Exercise prompt:
In your copy of the records, include every word exactly and no pictures.

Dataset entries
┌──
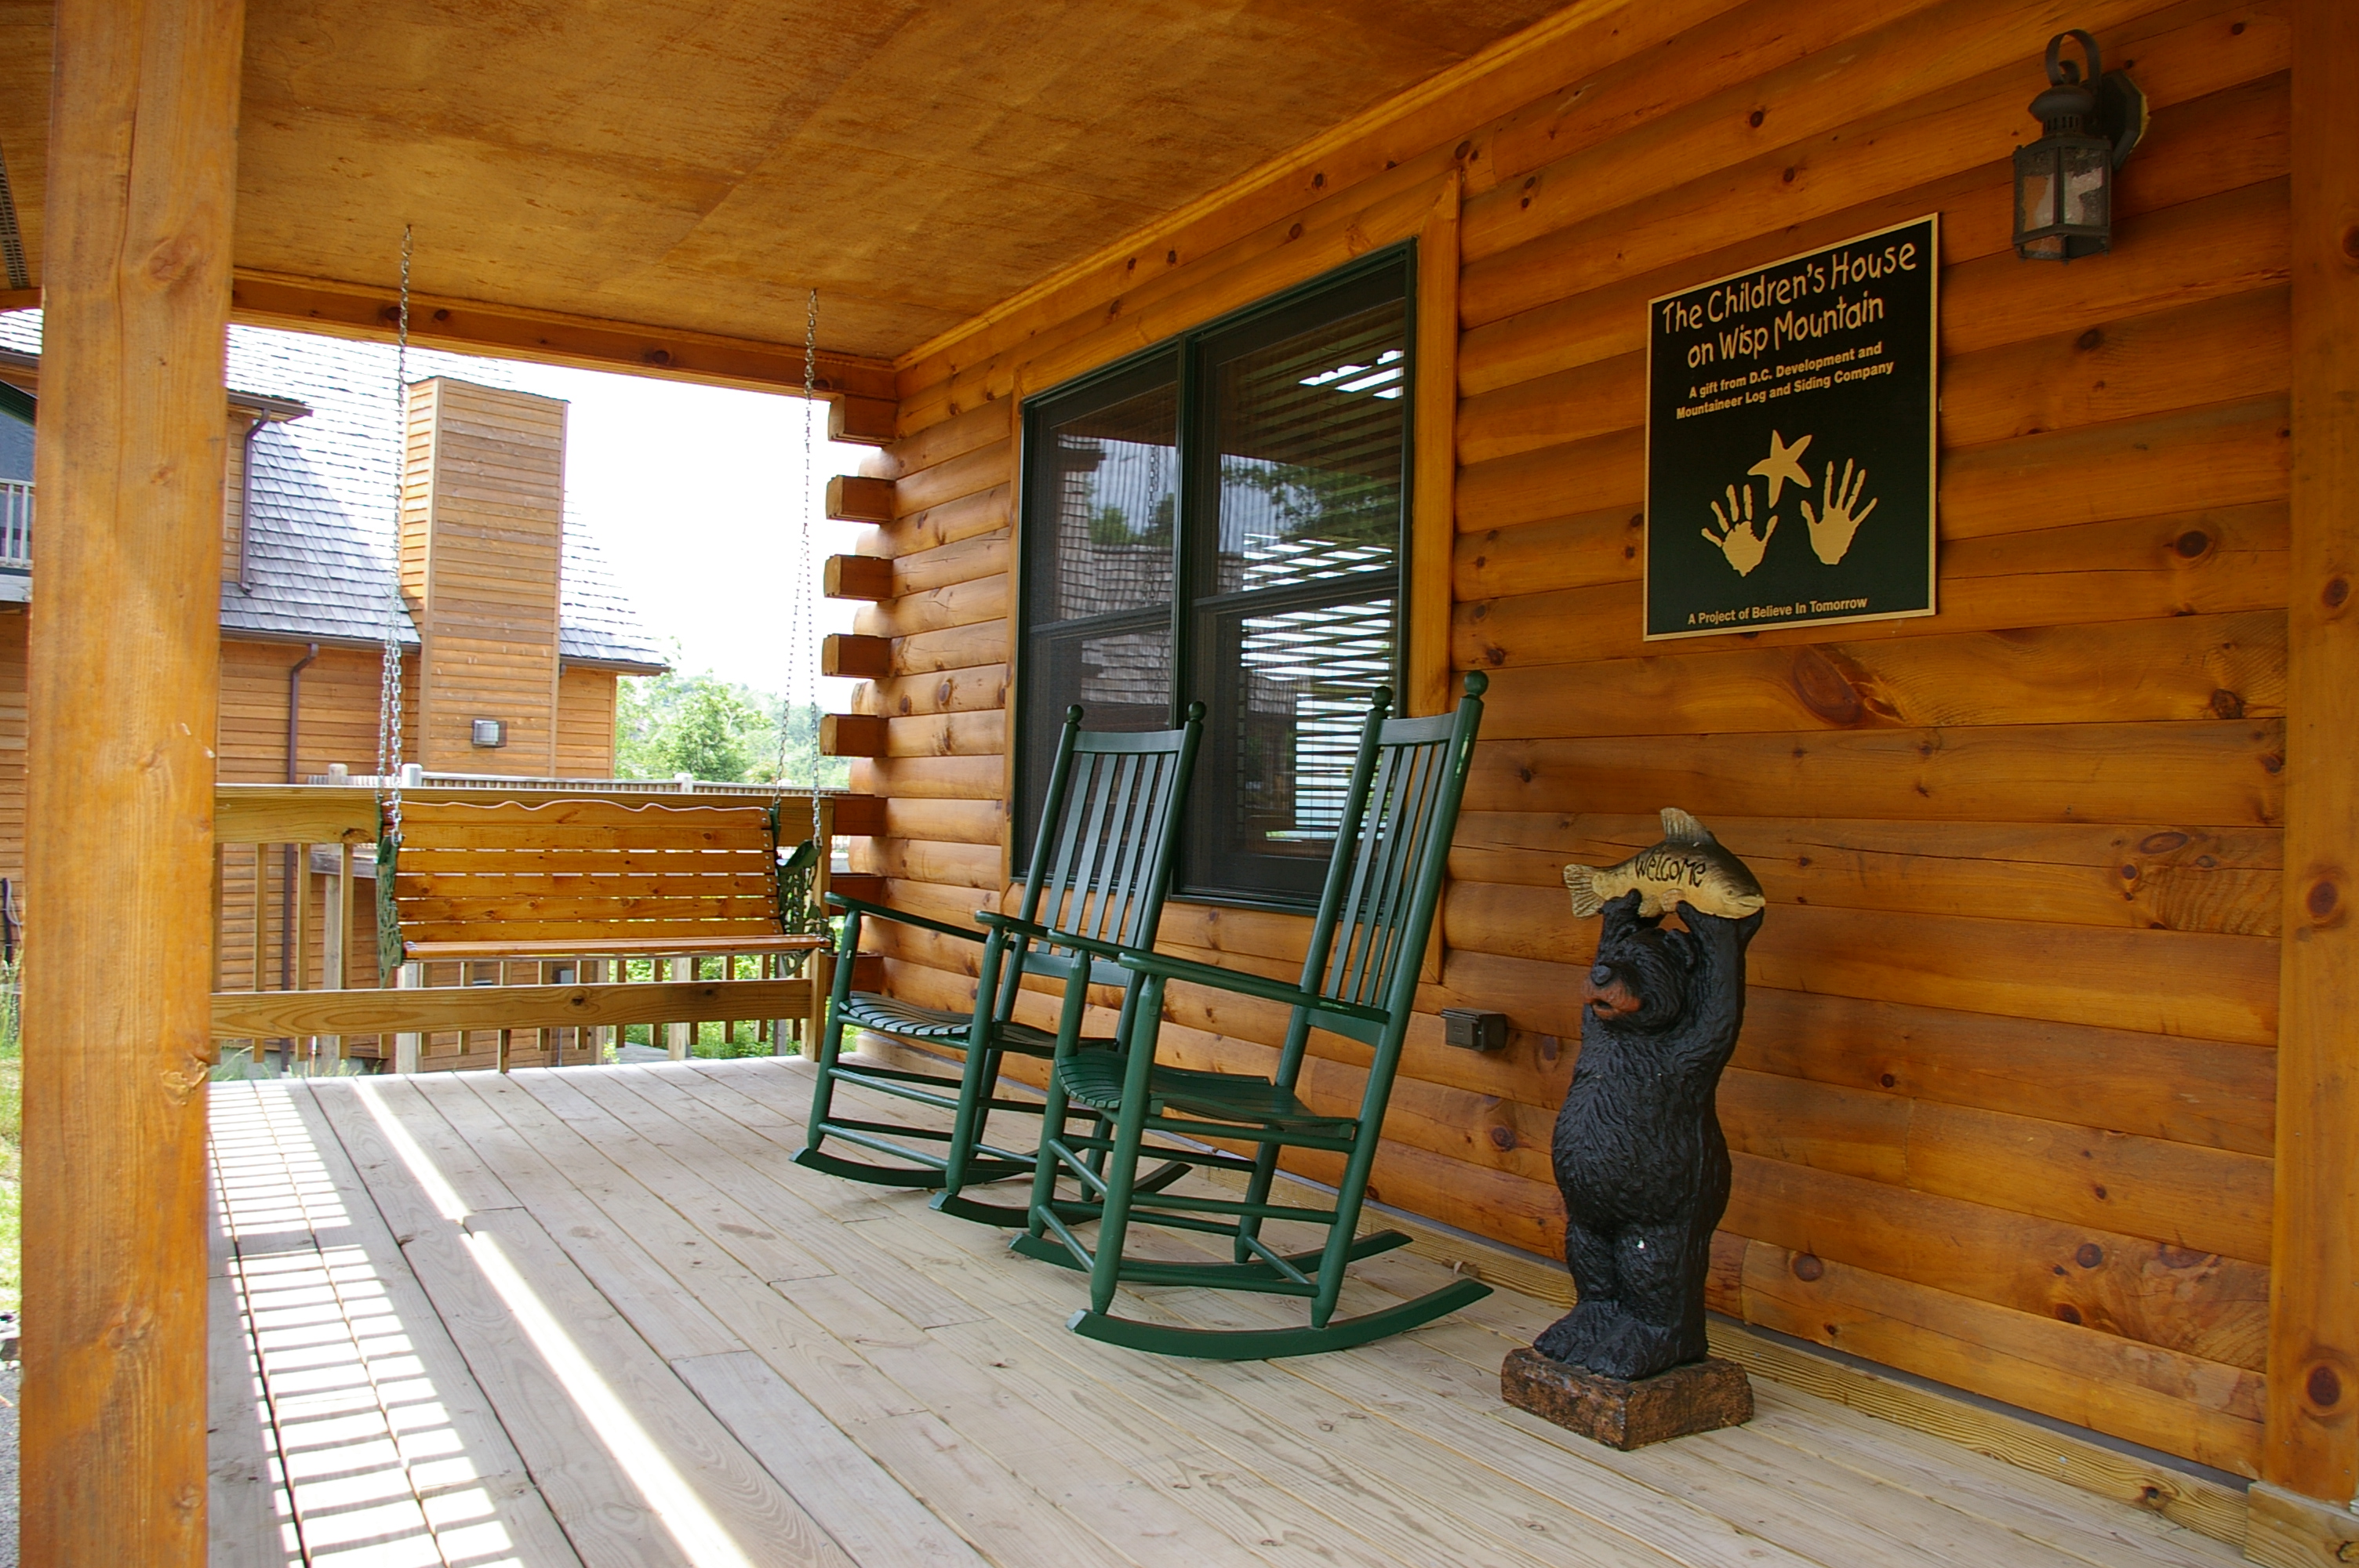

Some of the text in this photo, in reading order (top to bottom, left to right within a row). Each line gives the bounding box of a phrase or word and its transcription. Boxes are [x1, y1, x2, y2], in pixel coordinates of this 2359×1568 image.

[1662, 242, 1917, 333] The Children's House
[1687, 291, 1884, 368] on Wisp Mountain
[1676, 361, 1894, 419] Mountaineer Log and Siding Company
[1688, 342, 1882, 398] A gift from D.C. Development and
[1688, 598, 1867, 625] A Project of Believe In Tomorrow
└──
Response below:
Some of the text in this photo, in reading order (top to bottom, left to right within a row). Each line gives the bounding box of a phrase or word and its transcription. Boxes are [x1, y1, x2, y2], in pixel coordinates of this 2359×1568 image.

[1662, 242, 1917, 333] The Children's House
[1687, 291, 1884, 368] on Wisp Mountain
[1676, 361, 1894, 419] Mountaineer Log and Siding Company
[1688, 342, 1882, 398] A gift from D.C. Development and
[1688, 598, 1867, 625] A Project of Believe In Tomorrow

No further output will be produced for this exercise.